A LEADING infection control expert has been appointed to Scotland’s care watchdog in its war on superbugs.
The Care Commission inspects and regulates almost 15,0000 care services, including nurseries and care homes for older people.
Now it has appointed a dedicated national Nurse Consultant to reduce the chances of infections from affecting the most vulnerable in society, including the very young and the very old.
For the next two years infection control specialist Gillian Stevenson will work with the Government’s Healthcare Associated Infection Task Force and a wide range of other bodies to improve infection prevention.
She will be concentrating her efforts on nurseries and care homes for adults, the majority of which are involved in the care of older people.
Gillian, whose extensive career has seen her amass huge expertise on infection control isues, was most recently the HAI Nurse Consultant with NHS Tayside. The Scottish Government has agreed to fund her secondment to the Care Commission for two years.
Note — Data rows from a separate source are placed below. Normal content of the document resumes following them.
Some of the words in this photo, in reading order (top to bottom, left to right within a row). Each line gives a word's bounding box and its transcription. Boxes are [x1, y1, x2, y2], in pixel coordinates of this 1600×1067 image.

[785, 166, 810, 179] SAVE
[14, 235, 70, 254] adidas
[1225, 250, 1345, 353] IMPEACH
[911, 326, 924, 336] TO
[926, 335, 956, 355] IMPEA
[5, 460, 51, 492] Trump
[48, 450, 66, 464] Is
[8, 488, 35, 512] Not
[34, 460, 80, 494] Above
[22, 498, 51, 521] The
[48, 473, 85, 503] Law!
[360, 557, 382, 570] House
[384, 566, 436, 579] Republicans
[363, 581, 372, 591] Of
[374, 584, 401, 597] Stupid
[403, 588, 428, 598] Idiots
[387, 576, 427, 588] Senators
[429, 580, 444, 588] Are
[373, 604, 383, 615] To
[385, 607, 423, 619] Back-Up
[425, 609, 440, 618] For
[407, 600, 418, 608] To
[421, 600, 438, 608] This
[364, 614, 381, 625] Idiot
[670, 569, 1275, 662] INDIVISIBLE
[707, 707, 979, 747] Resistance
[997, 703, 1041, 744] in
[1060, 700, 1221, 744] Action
She said: “It is important to appreciate that not all infections can be prevented – but there are many ways the risks can be greatly reduced and it is important the many, varied bodies with a role work together on this.
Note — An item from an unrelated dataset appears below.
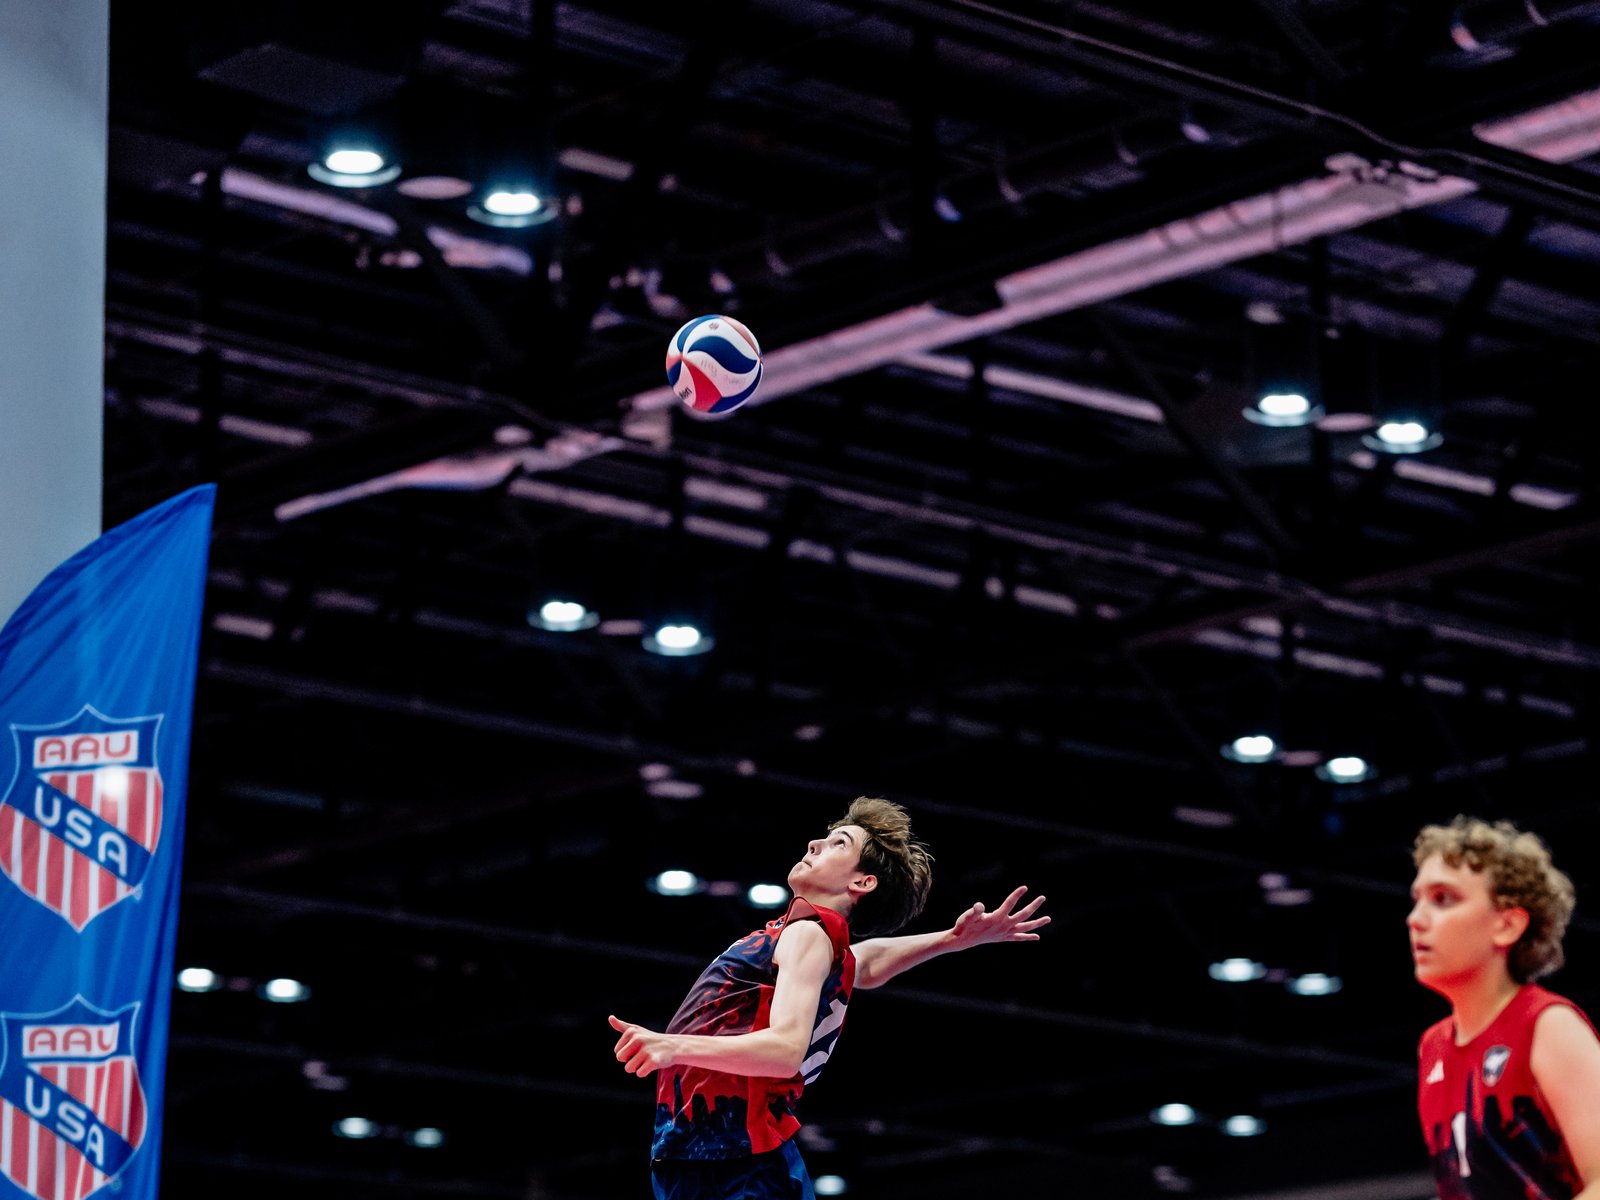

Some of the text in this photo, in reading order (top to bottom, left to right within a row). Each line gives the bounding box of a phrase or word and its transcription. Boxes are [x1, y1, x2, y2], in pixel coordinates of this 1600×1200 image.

[39, 734, 131, 763] AAU
[35, 785, 127, 876] USA
[28, 1025, 116, 1052] AAU
[25, 1076, 104, 1167] USA
“The Care Commission has a highly important place because it regulates almost 15,000 care services, including many where HAIs are a risk.
“That gives us a very direct route to make a positive impact on prevention. We have national influence, so it is essential that we use it wisely.”
The rise of so-called hospital superbugs has been one of the most hotly debated medical issues of the past five years, fuelling public awareness. However less attention is focused on infections outside of hospital settings.
One of the most innovative strands of the work will be to roll out “Safe and Well” which is guidance on infection prevention and control for nurseries for children.
Another piece of work is to support a Cleanliness Champion training programme in care homes and children’s nurseries.
The Nurse Consultant will also join key projects led by Health Protection Scotland such as assisting with looking at the potential for setting up surveillance of infection in care homes.
Susan Brimelow, the Care Commission’s Director of Healthcare Regulation said: “We are delighted to have an expert of Gillian’s stature working with us.
“The public are rightly concerned about infection and we are doing our part to tackle this problem nationwide and believe we can make significant headway in the next two years.”